Black and white photograph of a group of Polish displaced persons on board a train marked 'Allied Forces' at Heerte Railway Station in the Salzgitter region of Germany, 1946. They are in the process of being repatriated from camps in the Salzgitter region.

This is one of a collection of 24 photographs taken by English staff members of the Guide International Service (GIS) Team 107, part of the combined operation of the 112 Military Government, UNRRA [United Nations Relief and Rehabilitation Administration] and voluntary relief teams looking after the care and repatriation of persons displaced throughout Europe as a result of World War II. This team was working in camps in Germany from the east in the Salzgitter area from 1945 and in 1948-1949 across to the west in Bielefeld.
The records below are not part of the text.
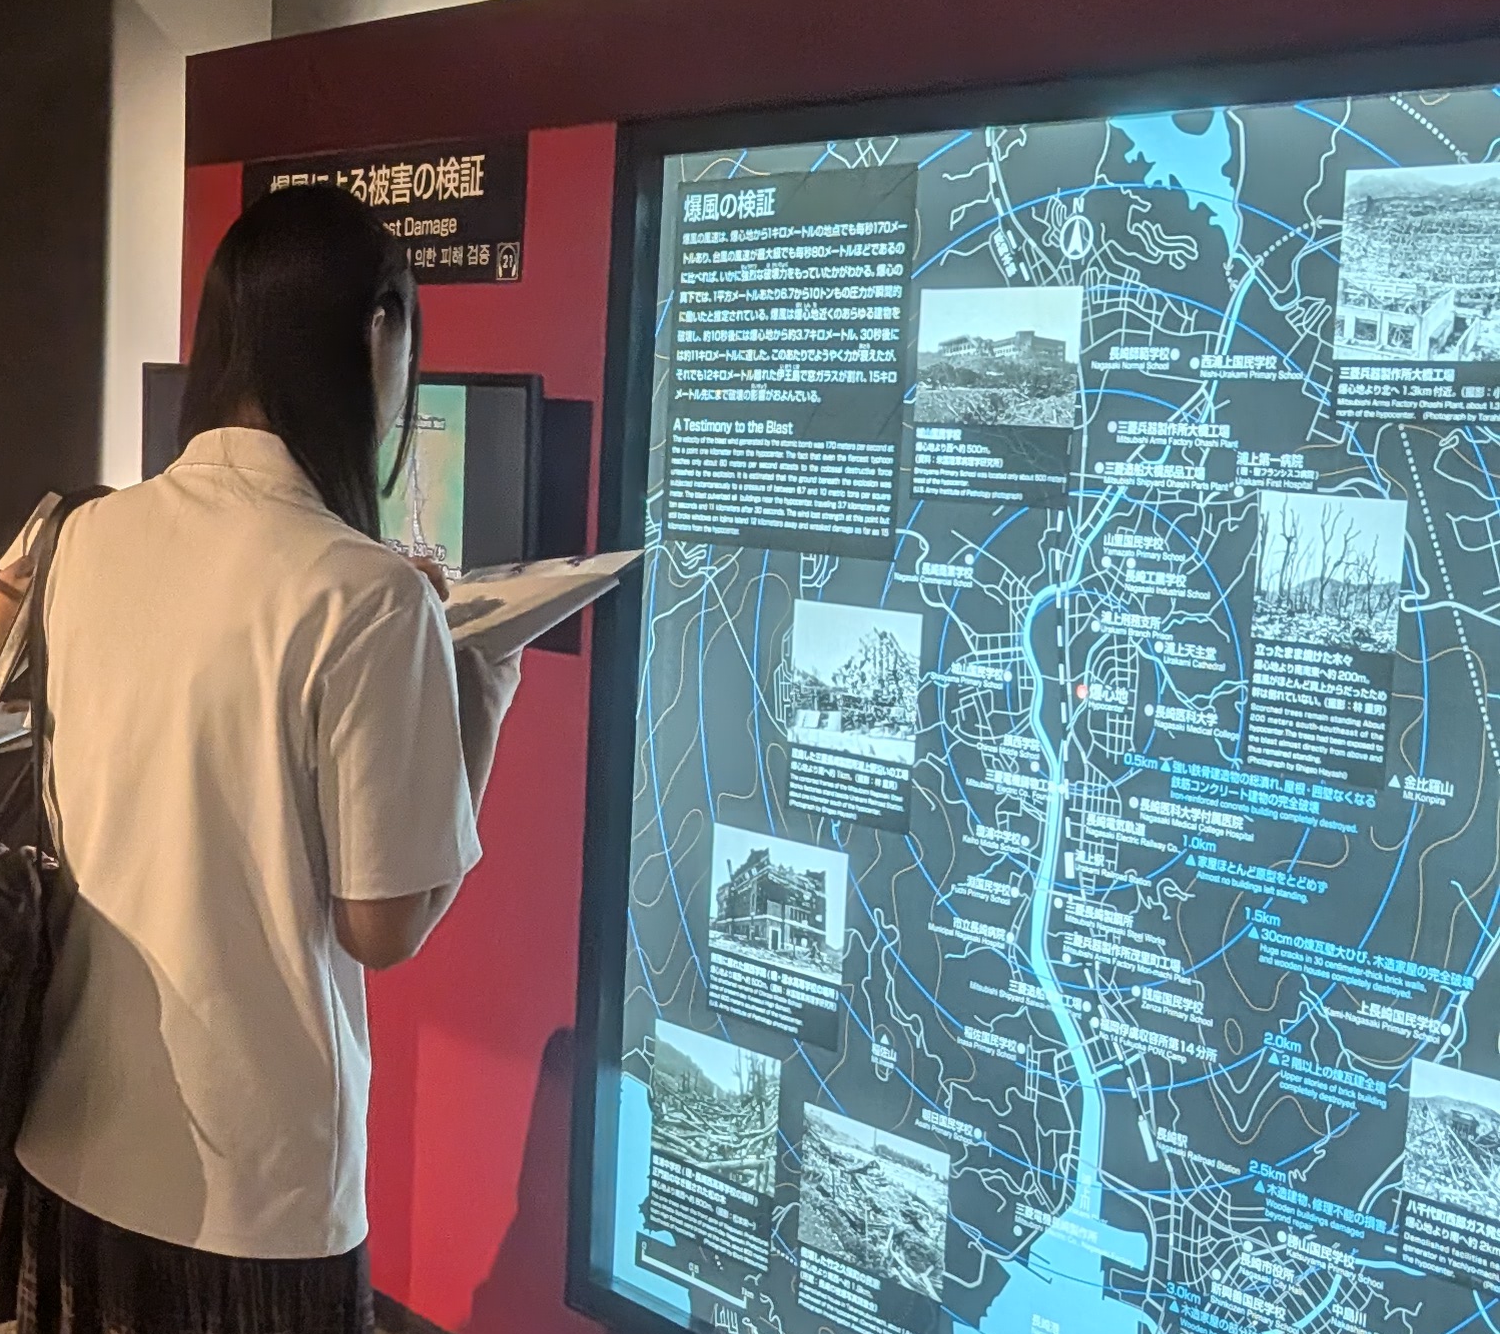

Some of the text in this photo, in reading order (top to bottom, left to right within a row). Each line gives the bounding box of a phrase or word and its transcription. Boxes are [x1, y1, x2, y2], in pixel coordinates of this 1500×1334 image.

[684, 188, 776, 222] 爆風の検証
[1073, 197, 1085, 213] N
[404, 217, 457, 237] Damage
[1250, 371, 1277, 381] Primary
[1279, 371, 1303, 380] School
[673, 418, 794, 435] A Testimony to the Blast
[1124, 753, 1159, 769] 0.5km
[1183, 834, 1217, 852] 1.0km
[1245, 907, 1281, 927] 1.5km
[1264, 1032, 1302, 1053] 2.0km
[1249, 1160, 1287, 1183] 2.5km
[1166, 1282, 1201, 1305] 3.0km
[1331, 1302, 1367, 1328] 中島川
The GIS included many Australian volunteers.

Description of Content

Black and white photograph of a row of train carriages stationery at a railway platform with officials walking alongside and passengers visible from open carriage doorways. One carriage has 'Allied Forces' painted on the side.

Physical Description

Digital copy of a black and white photograph.


This collection of photographs provides a rare visual insight into the processes of transporting, relocating and repatriating displaced persons after World War II. Millions of people across Europe were displaced after the War, and countries such as England and Australia provided staff to assist with the massive coordination of processing the movement and migration of people. This group of photographs is of particular value as the photographer is known and has provided some background as to staff depicted in the images, the organisation they represented (the Guide International Service Team), the nature of the displaced persons (mostly Polish) and the locality (Salzgitter region in Germany). There is also recorded the names of some of the specific camps and the railway station where people were transported. There are also images of camp kitchens and offices providing further insights into camp management and staffing.

These photographs provided invaluable contextual imagery for the many stories of displacement represented in the Migration collection and the global documentation of the post World War II mass movement of people, including the 170,000 who migrated to Australia.